An optimal quadtree-based motion estimation and motion-compensated interpolation scheme for video compression.

G M Schuster1, A K Katsaggelos

  • 1Adv. Technol. Res. Center, 3COM, Mount Prospect, IL 60056, USA. Guido_Schuster@mw.3com.com

IEEE Transactions on Image Processing : a Publication of the IEEE Signal Processing Society
|February 16, 2008
PubMed
Summary
This summary is machine-generated.

This study introduces an optimal quadtree (QT)-based motion estimator for video compression.

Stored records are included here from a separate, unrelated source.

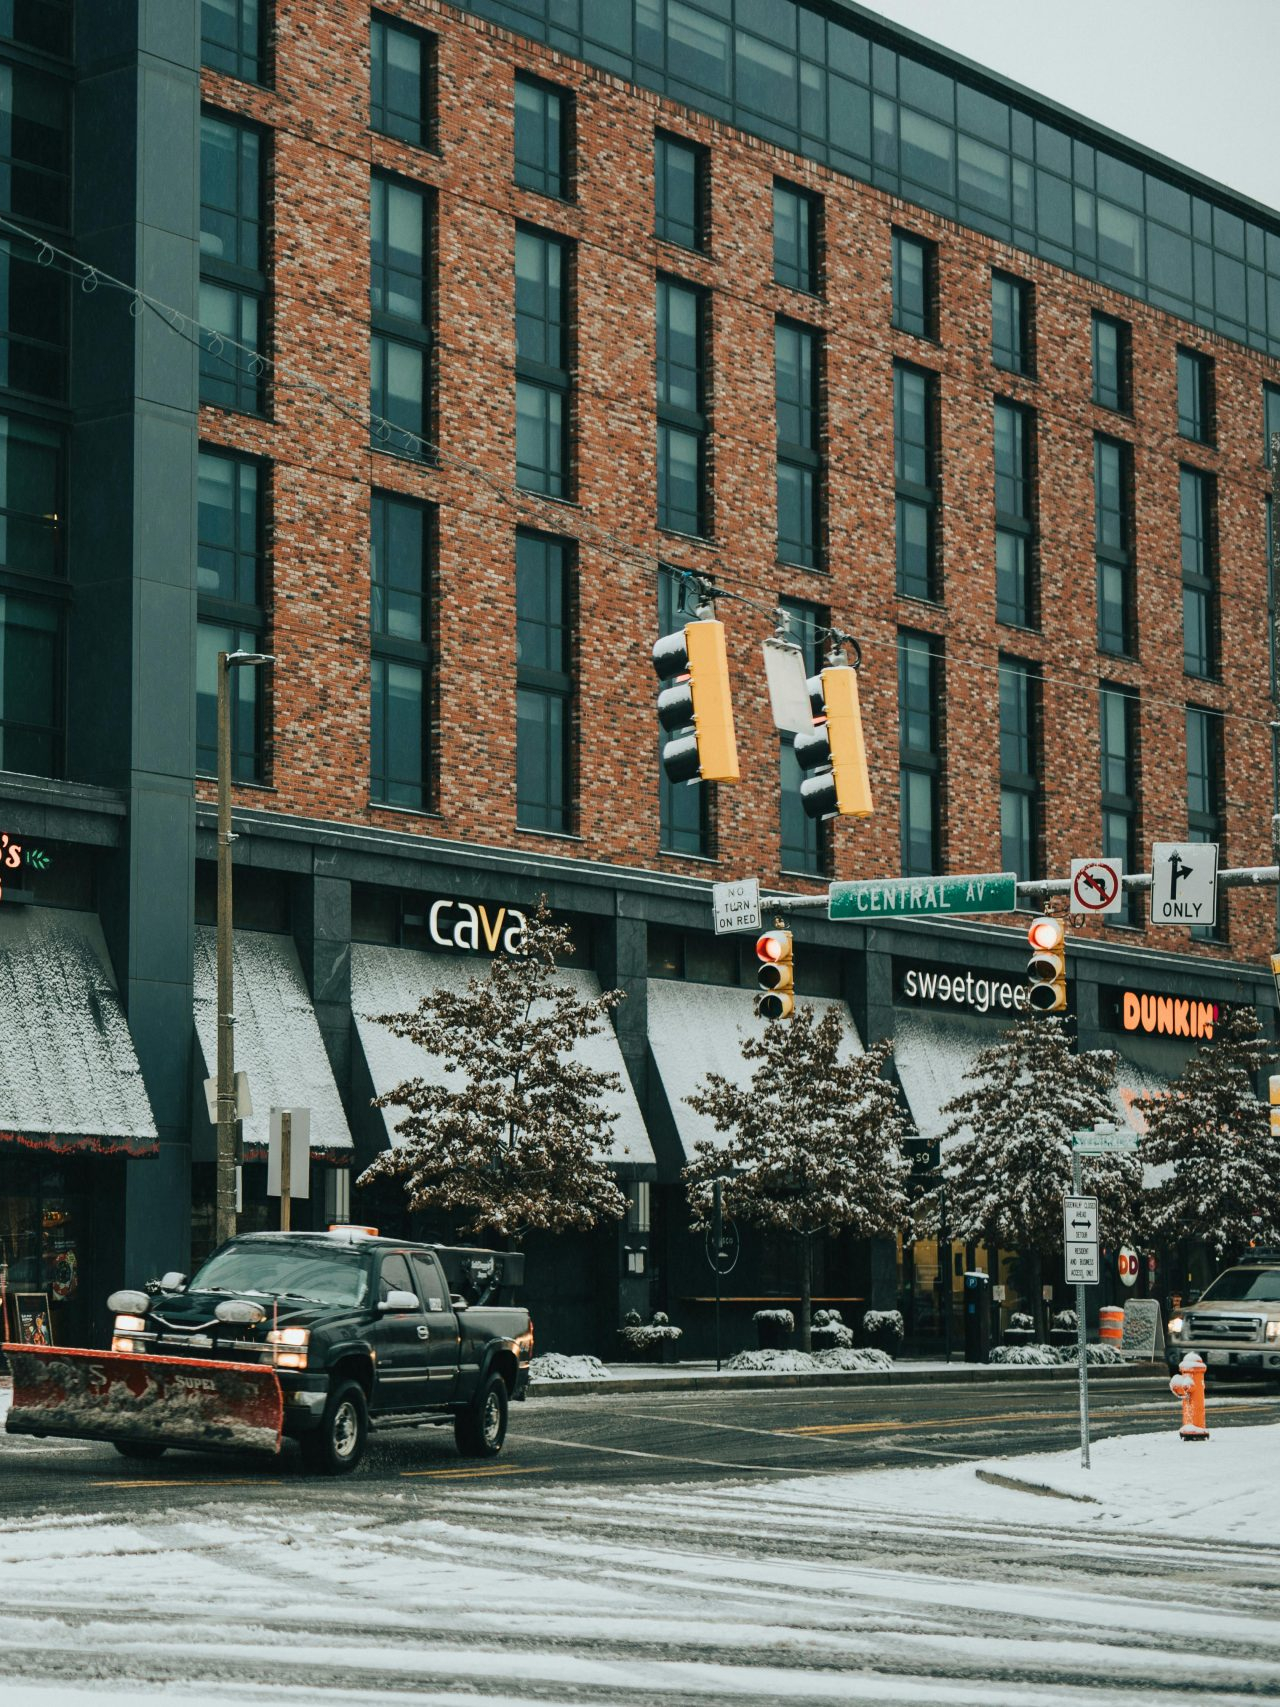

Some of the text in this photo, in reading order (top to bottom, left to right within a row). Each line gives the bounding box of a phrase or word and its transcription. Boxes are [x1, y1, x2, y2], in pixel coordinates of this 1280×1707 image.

[728, 887, 744, 897] NO
[857, 881, 986, 912] CENTRAL AV
[725, 900, 750, 912] TURN
[1163, 902, 1203, 918] ONLY
[720, 914, 756, 928] ON RED
[905, 970, 1030, 1012] sweetgree
[1076, 1231, 1088, 1239] DETOUR
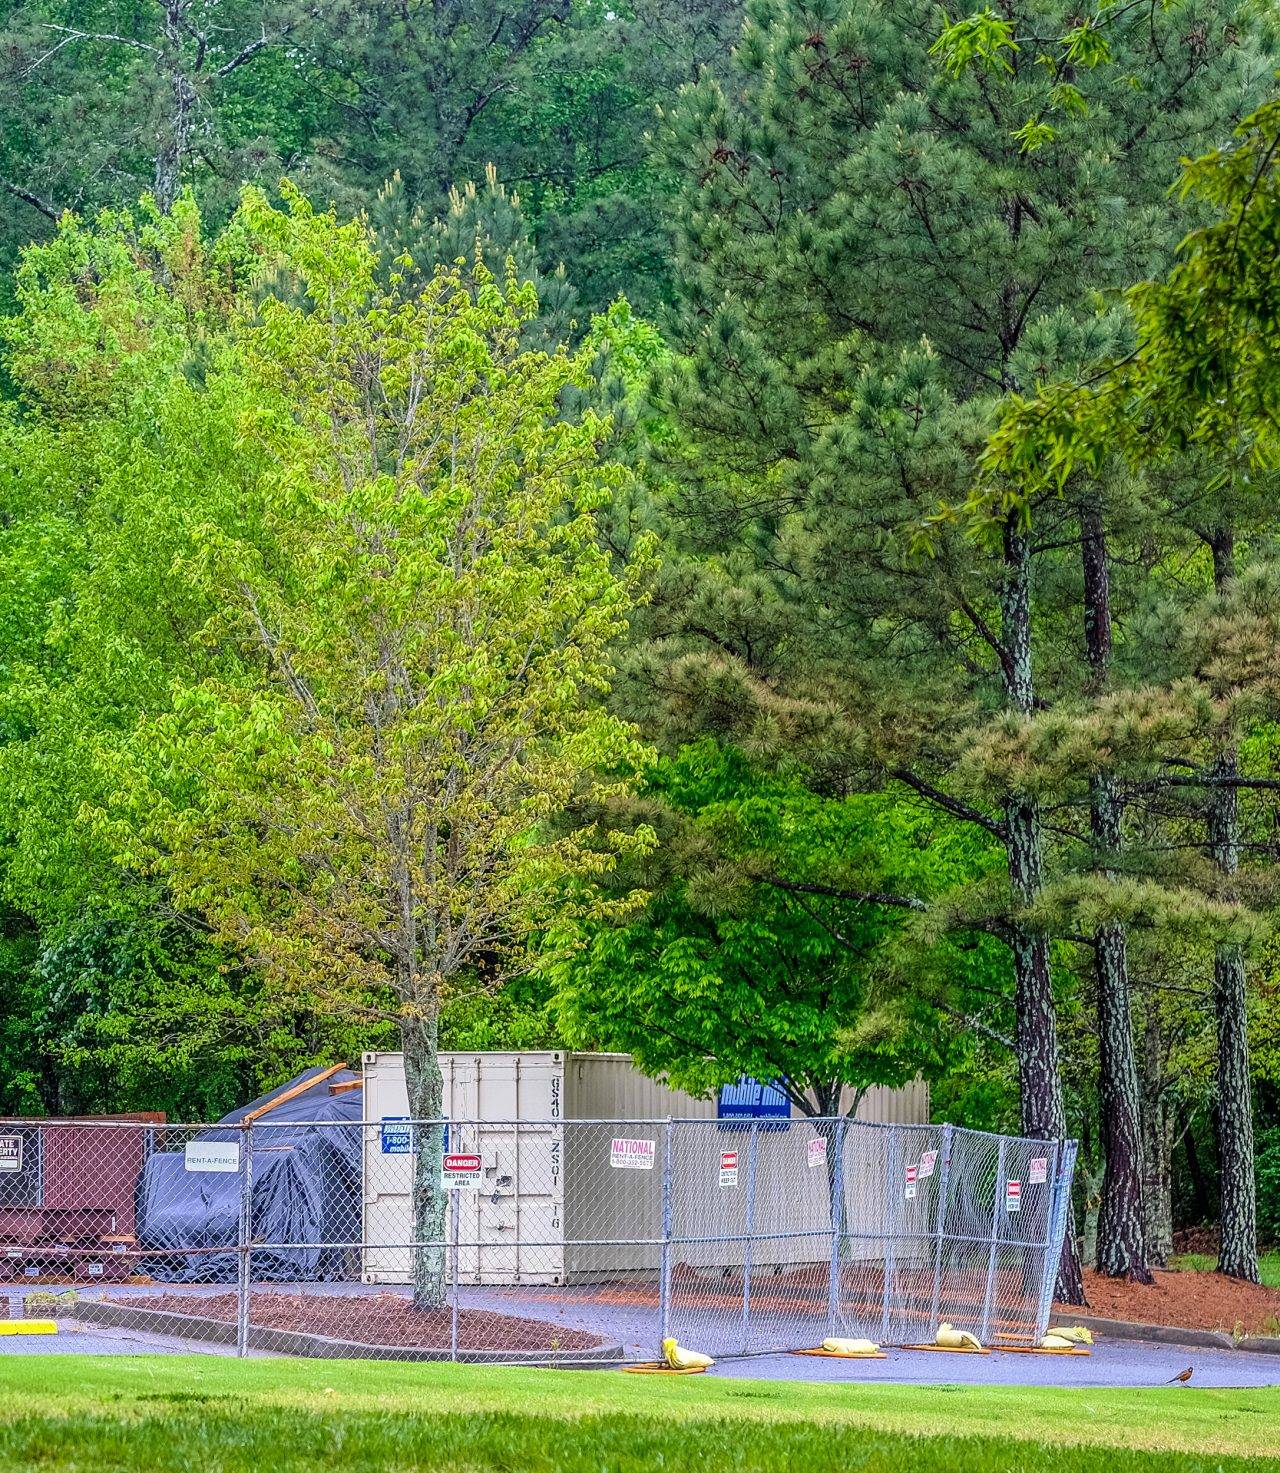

The novel approach significantly reduces bit usage for encoding displacement vector fields (DVFs) and QT segmentation compared to traditional methods.

Related Experiment Videos

Area of Science:

  • Computer Vision
  • Digital Signal Processing
  • Video Compression

Background:

  • Block matching algorithms are standard in video compression but can be inefficient.
  • Optimizing displacement vector field (DVF) and segmentation jointly is crucial for efficient video compression.

Purpose of the Study:

  • To develop an optimal quadtree (QT)-based motion estimator for video compression.
  • To minimize the energy of the displaced frame difference (DFD) for a given bit budget.
  • To introduce a novel motion-compensated interpolation scheme.

Main Methods:

  • Jointly optimizing QT decomposition and DVF using Lagrangian multiplier method and multilevel dynamic programming.
  • Implementing a fast convex search for the optimal Lagrangian multiplier.
  • Developing a motion-compensated interpolation scheme using the same mathematical framework.

Main Results:

  • The proposed QT-based motion estimator achieves the same DFD energy with approximately 25% fewer bits than block matching algorithms.
  • The estimator produces a spatially inhomogeneous DVF, adapting block size to motion complexity.
  • The novel interpolation scheme offers globally optimal control over interpolation error and DVF smoothness.

Conclusions:

  • The QT-based motion estimator offers significant bit-rate savings for video compression.
  • The joint optimization approach effectively balances DVF encoding and segmentation.
  • The proposed motion-compensated interpolation scheme enhances video reconstruction quality.